Carlos Cruz no se quedó disfrutando el sistema socialista en la Isla ni se fue tras el comunismo, la muerte lo arrebató mientras cumplía una nueva sanción, esta vez, en el Combinado del Este por otro delito cometido: en esta ocasión, la demora de un sargento en trasladarlo a la enfermería por la falta de aire que su asma le provocaba, le causó un paro cardiaco. Los presos que lo cargaban se asustaron al sentirle el pecho ardiendo, como si tuviera una plancha guardada en su interior. El sargento apareció en la galera al terminar la telenovela. Cuando tiraron a Carlos sobre la camilla de la enfermería ya no jadeaba. Algo debajo de su pecho abandonó el esfuerzo. Aunque el enfermero aún saltaba sobre él intentando hacer regresar un leve latido, apenas un soplo que avisara que podía intentarse algún otro apretón; pero el cuerpo se mantuvo rígido, sin emitir un mínimo mensaje de que algo se podría lograr, y el enfermero decidió bajarse. Ya no tendría sus conversaciones todas las noches cuando venía por el aerosol y le contaba sus aventuras amorosas.
–Que lo tape el que lo mató –dijo rabioso el enfermero.
Y no le dio tiempo para irse porque el sargento le puso el bastón en el cuello y lo empujó contra la pared. El golpe de su cabeza lo estremeció.
–Déjate de estar hablando mierda que mañana mismo puedes aparecer tan tieso como ése que está ahí –y señaló el cadáver.
El enfermero quiso contestar, decir que estaba equivocado, fue culpa del nerviosismo, pero la presión del bastón apenas le permitía mover los ojos. Cuando lo soltó, su cuerpo vacío de aire, fue a chocar contra el piso. El médico intentó ayudarlo pero el sargento lo empujó para propinarle una patada en las costillas al enfermero:
–Anda, levántate…–le dijo el militar–. Ahora jódete por estar hablando mierda.
–No fue eso lo que quise decir –dijo sin poder respirar ni reponerse–. Jamás me atrevería a ofenderlo.
El sargento demostraba desconfianza en su mirada.
–Sólo estaba nervioso… Despreocúpese, que de mí no tendrá ninguna queja, y nunca haré comentarios que puedan incriminarlo –dijo el enfermero en un intento desesperado por librarse de otra golpiza.

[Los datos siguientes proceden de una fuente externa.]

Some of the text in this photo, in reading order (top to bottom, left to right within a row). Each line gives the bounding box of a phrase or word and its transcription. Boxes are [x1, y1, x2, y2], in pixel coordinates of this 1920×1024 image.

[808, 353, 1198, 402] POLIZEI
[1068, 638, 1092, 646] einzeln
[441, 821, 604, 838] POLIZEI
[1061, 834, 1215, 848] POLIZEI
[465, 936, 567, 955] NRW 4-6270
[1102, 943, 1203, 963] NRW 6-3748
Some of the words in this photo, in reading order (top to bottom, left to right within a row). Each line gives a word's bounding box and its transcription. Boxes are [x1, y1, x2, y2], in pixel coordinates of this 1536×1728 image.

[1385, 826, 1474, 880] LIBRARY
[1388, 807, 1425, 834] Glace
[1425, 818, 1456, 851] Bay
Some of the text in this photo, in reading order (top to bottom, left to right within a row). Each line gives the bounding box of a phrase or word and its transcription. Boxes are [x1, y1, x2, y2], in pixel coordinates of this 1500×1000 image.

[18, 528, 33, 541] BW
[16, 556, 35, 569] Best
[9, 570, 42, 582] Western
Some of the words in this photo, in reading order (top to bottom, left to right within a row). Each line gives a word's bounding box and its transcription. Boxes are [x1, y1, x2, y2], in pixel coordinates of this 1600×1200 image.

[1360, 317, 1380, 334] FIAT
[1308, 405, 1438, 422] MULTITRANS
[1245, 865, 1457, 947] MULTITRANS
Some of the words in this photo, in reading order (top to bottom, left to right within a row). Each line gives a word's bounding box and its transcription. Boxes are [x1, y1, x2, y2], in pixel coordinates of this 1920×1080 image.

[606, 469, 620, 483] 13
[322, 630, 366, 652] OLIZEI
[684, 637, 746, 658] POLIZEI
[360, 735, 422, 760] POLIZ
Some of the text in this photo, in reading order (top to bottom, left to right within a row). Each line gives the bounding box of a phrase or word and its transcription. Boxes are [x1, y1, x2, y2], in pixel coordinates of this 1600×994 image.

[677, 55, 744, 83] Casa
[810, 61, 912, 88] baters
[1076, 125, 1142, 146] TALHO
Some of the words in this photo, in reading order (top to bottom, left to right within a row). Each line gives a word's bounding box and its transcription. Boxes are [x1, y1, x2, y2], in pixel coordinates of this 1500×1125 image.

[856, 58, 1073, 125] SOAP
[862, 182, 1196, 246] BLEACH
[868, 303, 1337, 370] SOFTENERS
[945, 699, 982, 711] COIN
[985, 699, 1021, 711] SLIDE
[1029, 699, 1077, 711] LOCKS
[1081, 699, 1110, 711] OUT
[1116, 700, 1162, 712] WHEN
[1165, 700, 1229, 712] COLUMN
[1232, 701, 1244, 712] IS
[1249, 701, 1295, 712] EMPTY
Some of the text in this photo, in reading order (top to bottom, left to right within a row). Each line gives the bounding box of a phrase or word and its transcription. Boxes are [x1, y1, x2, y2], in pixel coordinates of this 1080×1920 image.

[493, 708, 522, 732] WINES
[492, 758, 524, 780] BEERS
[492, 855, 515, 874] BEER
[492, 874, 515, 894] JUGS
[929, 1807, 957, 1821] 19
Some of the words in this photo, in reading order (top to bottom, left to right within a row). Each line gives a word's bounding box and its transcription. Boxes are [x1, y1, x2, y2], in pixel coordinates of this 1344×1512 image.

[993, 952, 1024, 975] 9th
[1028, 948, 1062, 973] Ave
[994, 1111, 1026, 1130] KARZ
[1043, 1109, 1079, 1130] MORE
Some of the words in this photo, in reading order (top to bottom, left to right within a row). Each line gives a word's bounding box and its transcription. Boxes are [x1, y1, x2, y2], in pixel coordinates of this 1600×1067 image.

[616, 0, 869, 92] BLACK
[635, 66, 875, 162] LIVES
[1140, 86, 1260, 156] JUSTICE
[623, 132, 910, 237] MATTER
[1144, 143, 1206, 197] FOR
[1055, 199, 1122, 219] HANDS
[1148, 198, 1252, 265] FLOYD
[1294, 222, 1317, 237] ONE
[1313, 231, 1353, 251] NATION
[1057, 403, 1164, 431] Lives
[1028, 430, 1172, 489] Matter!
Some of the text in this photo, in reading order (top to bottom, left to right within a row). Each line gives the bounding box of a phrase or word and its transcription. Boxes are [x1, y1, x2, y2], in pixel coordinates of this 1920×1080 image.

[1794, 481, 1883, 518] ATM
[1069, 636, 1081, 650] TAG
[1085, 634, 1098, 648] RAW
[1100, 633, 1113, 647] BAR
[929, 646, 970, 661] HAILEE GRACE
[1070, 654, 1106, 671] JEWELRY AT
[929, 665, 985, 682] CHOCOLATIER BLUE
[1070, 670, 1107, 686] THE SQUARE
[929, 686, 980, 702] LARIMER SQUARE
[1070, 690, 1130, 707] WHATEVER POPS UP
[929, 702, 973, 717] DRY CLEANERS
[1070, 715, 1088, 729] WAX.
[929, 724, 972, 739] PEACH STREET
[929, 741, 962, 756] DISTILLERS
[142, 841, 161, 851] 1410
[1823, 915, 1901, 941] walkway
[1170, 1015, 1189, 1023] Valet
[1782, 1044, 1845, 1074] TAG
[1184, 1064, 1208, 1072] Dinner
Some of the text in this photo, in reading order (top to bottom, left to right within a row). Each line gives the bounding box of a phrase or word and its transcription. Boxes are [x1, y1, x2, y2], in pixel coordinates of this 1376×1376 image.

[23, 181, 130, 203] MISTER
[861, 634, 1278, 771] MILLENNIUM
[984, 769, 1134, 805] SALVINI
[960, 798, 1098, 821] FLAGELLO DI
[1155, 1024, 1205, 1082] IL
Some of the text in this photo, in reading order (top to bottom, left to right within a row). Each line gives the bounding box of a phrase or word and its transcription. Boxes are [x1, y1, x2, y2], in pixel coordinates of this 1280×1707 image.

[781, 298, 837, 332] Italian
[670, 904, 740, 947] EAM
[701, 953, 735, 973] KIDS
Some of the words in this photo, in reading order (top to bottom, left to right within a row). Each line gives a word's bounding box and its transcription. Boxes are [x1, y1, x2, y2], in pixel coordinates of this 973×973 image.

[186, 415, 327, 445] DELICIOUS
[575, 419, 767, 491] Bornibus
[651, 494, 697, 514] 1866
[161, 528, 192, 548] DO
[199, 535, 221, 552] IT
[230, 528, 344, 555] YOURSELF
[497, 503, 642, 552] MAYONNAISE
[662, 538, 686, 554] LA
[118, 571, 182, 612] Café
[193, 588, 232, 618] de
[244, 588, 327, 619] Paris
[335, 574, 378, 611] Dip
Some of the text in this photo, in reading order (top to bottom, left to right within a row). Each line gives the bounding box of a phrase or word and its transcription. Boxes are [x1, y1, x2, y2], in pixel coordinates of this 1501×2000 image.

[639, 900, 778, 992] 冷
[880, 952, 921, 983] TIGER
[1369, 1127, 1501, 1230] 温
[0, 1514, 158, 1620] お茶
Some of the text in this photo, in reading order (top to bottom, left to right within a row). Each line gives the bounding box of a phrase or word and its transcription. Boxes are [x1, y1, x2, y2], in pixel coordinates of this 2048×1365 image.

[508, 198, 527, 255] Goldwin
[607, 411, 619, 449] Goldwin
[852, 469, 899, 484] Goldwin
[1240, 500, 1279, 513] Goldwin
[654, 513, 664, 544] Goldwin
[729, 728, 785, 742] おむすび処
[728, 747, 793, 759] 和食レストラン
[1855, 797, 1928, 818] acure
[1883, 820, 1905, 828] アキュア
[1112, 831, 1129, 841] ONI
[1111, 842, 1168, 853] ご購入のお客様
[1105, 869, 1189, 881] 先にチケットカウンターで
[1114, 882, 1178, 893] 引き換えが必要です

El militar se mantuvo observándolo, luego sonrió.
–Médico, escribe los papeles que voy a llamar al Puesto de Mando. Explica que llegó aquí vivito y coleando, ¿verdad, enfermero?
–Por supuesto, sargento, por supuesto –contestó aún acostado en el piso.
–Luego, la pelona se lo llevó. ¿Es así, enfermero?
Y en respuesta, sin mirarles a los ojos, el sanitario movió la cabeza en señal de aprobación. En ese momento intentaba sentarse, pero el sargento volvió a golpearlo con una patada por las costillas, antes de salir para el Puesto de Mando a dar la noticia.
–¿Verdad, enfermero?, o ahora los ratones te comieron la lengua –le dijo con el rostro amenazante.
–Verdad, sargento, verdad –respondió casi sin respiración–, es como usted dice: la pelona se lo llevó.
Al rato se fue pasando la voz entre las galeras y empezaron los gritos contra el sargento que lo acusaban de preferir la telenovela antes de acudir de inmediato al reclamo de un enfermo. Y los guardias quisieron detener la protesta y fue peor. La mayoría de los presos se unieron al desorden y quemaron colchones, papeles, daban golpes en las rejas y las ventanas. Al rato comenzaron a llegar varios camiones llenos de soldados con armas largas porque todo indicaba que el motín no iba a cesar. Por las claraboyas los presos gritaban: mataron a Carlos Cruz.
Y luego de horas de negociaciones, casi al amanecer, pudieron controlar la protesta bajo el compromiso de la parte militar, de que no hacer represalias contra los amotinados y prometían llevar a corte militar al sargento.
Esa mañana salieron muchos vehículos en varias direcciones, todos los reclusos que protestaron no volvieron a encontrarse: fueron diseminados por el resto de las prisiones de la Isla.